Re: "Make health care affordable and universal by opening Medicare to all." Medicare is not necessarily affordable -- there are substantial out of pocket expenses and significant limits on what Medicare covers. Why not offer free public health care, instead?

Re: "Expand Social Security with a supplemental public investment program modeled on private Individual Retirement Accounts." Why not pay for public investment and pensions with keystrokes, instead? The purpose of federal taxes is to control inflation, not to "pay for" programs.

All in all these things are steps in the right direction, but lame, and market-based. It's sort of a kinder, gentler neoliberalism. Few people will even bother to read it because it is so long.

Huey Long's 1934 "Share Our Wealth" proposal is still the gold standard for progressive platforms. Bold, simple, and easy to understand.

Roger Erickson said...

Needed, 5 ways to force the lucky few to WANT to reform governance to enhance aggregate, not just parasitic, benefit.
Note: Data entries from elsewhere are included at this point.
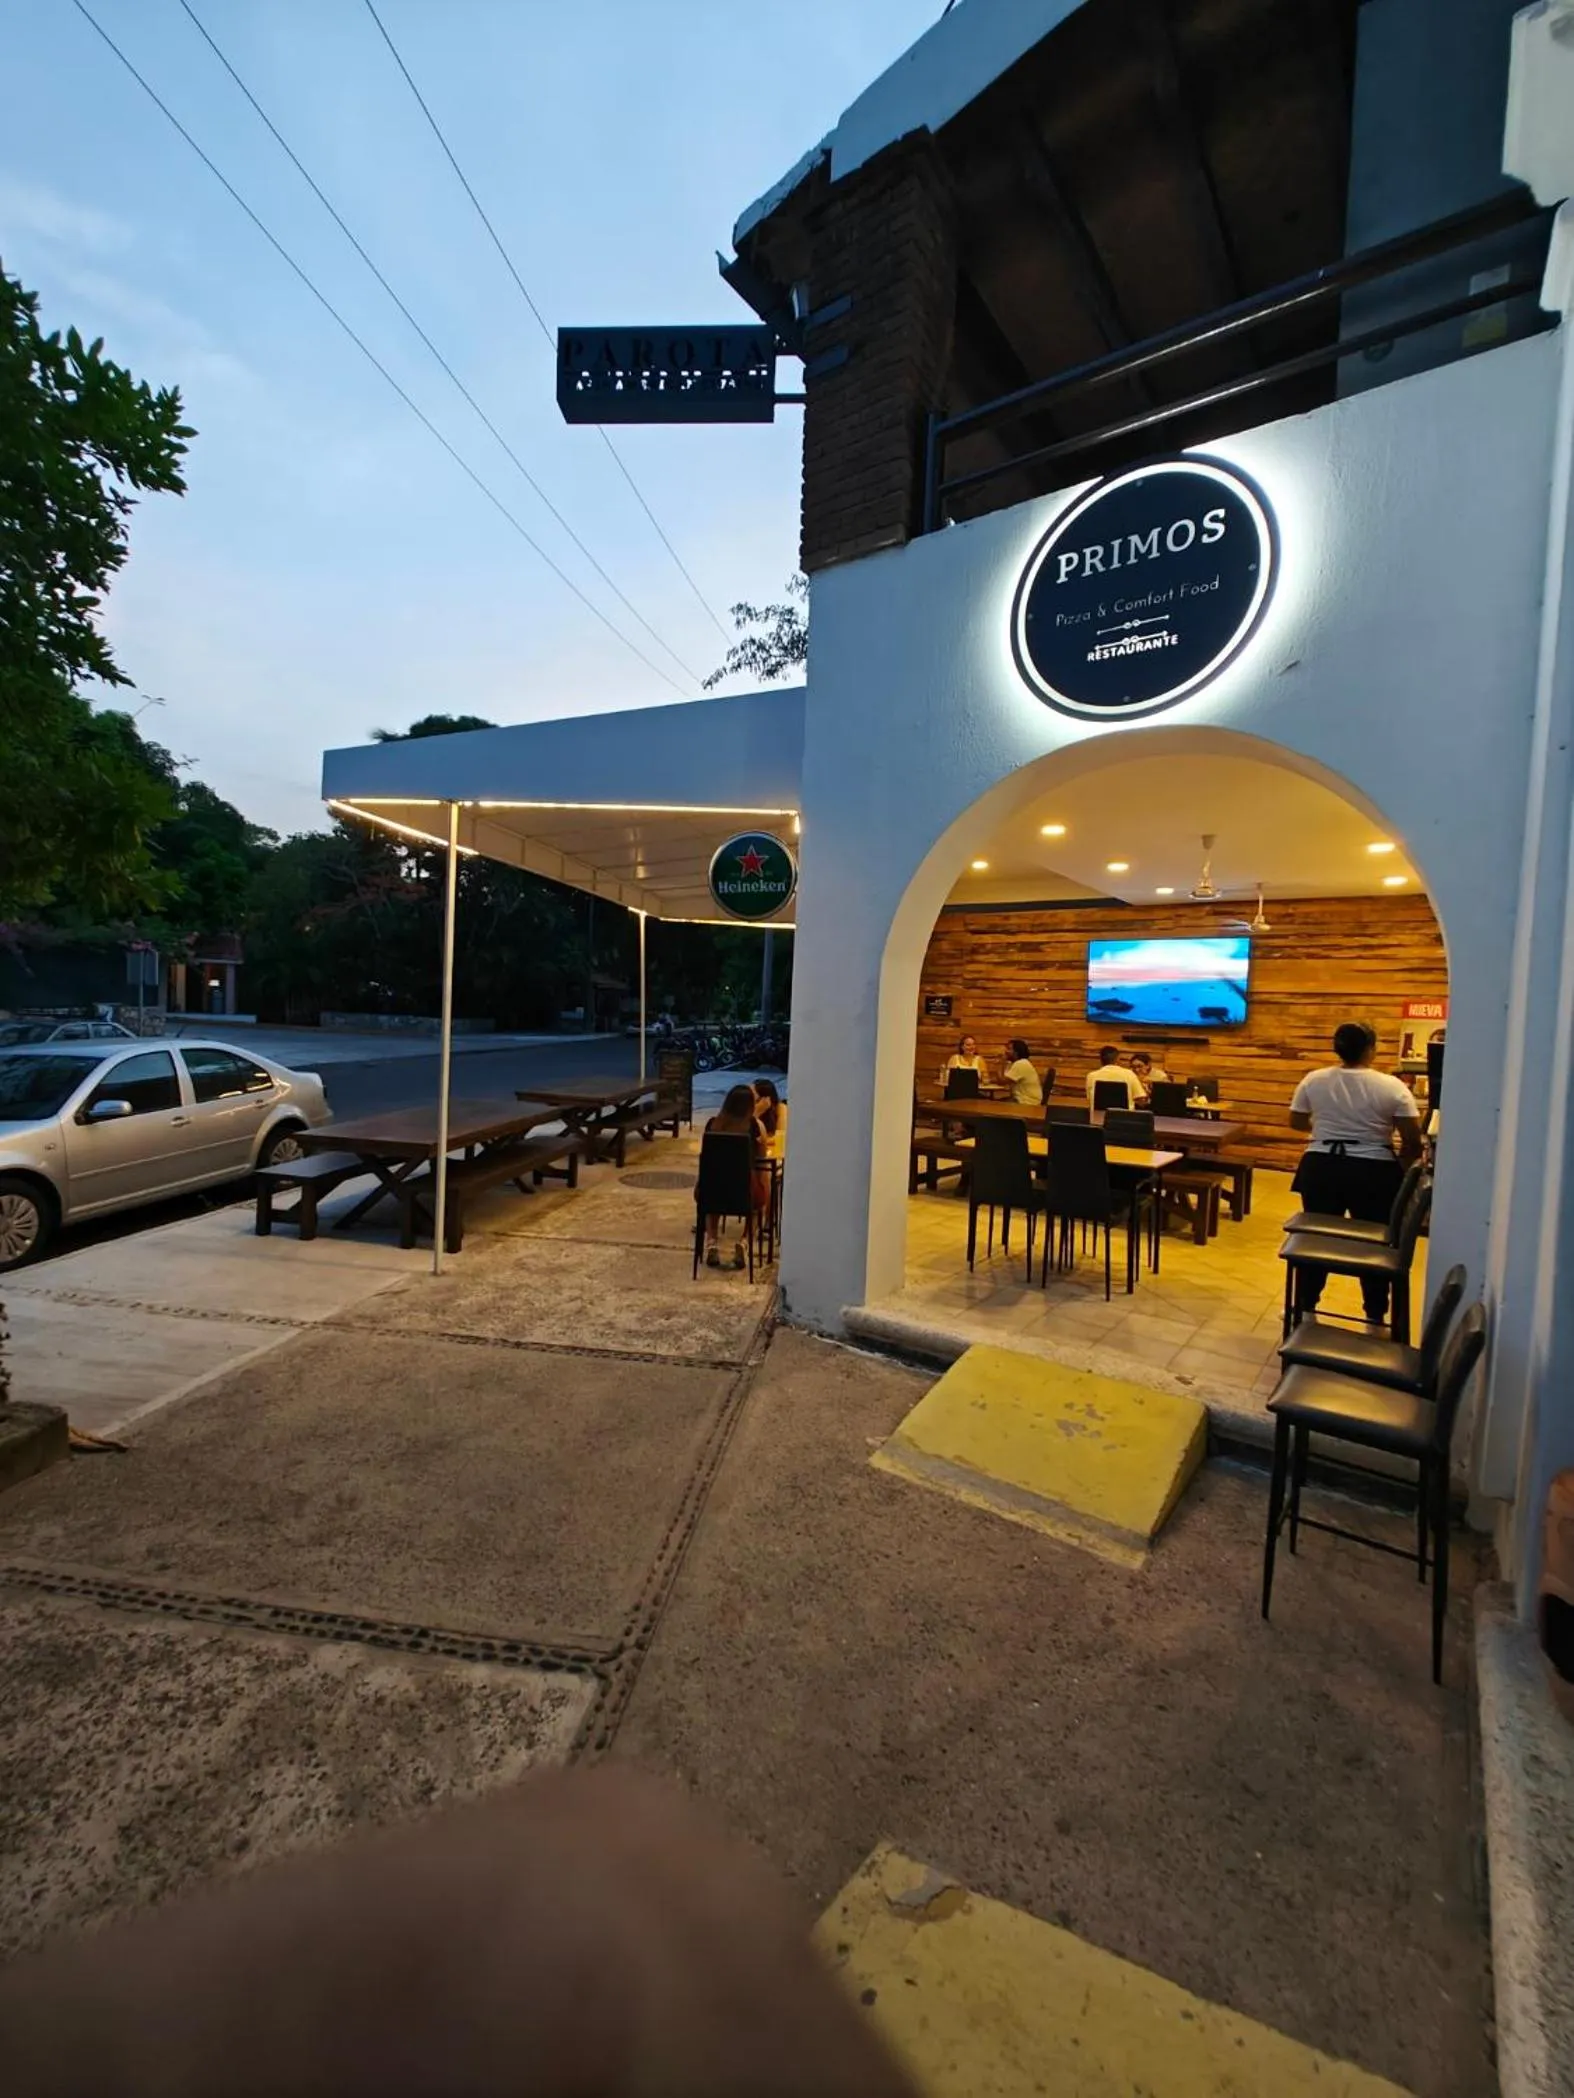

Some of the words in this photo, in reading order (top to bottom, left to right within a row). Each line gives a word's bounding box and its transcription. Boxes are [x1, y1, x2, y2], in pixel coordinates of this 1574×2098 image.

[562, 338, 768, 368] PAROTA
[1055, 508, 1227, 584] PRIMOS
[1056, 613, 1091, 627] Pizza
[1097, 603, 1107, 617] &
[1114, 588, 1174, 613] Comfort
[1180, 574, 1220, 598] Food
[1086, 634, 1180, 662] RESTAURANTE
[718, 879, 786, 893] Heineken
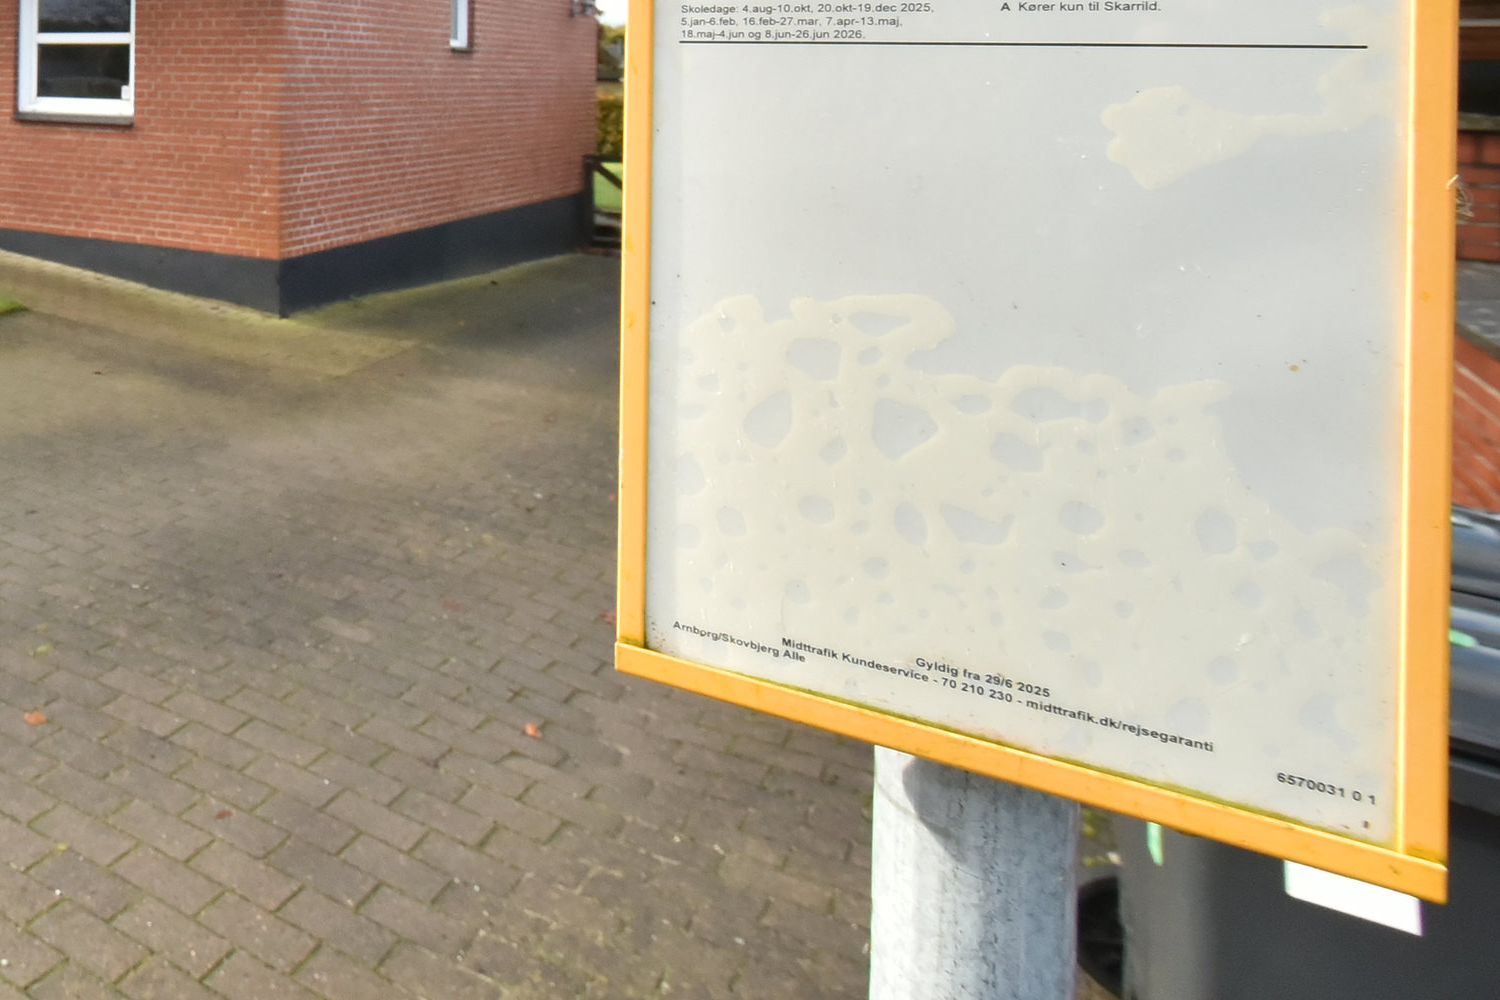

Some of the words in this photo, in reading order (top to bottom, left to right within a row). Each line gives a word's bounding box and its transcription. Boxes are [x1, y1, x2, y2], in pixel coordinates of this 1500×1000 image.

Capitalism per se says nothing about "General Welfare Of The People," nor anything about how to "Form A More Perfect Union."

Tom Hickey said...

All in all these things are steps in the right direction, but lame, and market-based. It's sort of a kinder, gentler neoliberalism.

Theses the problem with so-called progressive reform. It's proposed from within the conventional frame instead of changing the frame. Progressives need to start thinking out of the box.

Tom Hickey said...

Capitalism trumps the Constitution. The Supreme Court makes it so.

Many of us were sounding the alarm at the time of the appointment and confirmation of Roberts and Alito that the real issue was not Roe v. Wade as progressives believed but rather a coup d'etat by corporate interests.

And that is exactly what happened. The Supreme Court has generally been business friendly, for example, the appointment of Justice Powell as a reward for the Powell memo, but this is court is a business lobby, delivering on Citizens United to cement oligarchic democracy in place.

Random said...

TH, presidents can introduce court packing legislation. See e.g. FDR.
But I agree supreme court (and gerrymandering) make left-wing reform difficult.

Dan Lynch said...

Re the Democratic talking point of universal pre-K:
.
Diane Ravitch -- where is the progressive plan for education?

"Not a word about the privatization steam-roller, nor about the attacks on the teaching profession and unions. Nothing about the NCLB-RTTT debacle. Nothing about reversing the federal demands to close schools, to fire teachers, to facilitate data-mining, to promote charters, to accept schools and colleges that operate for profit."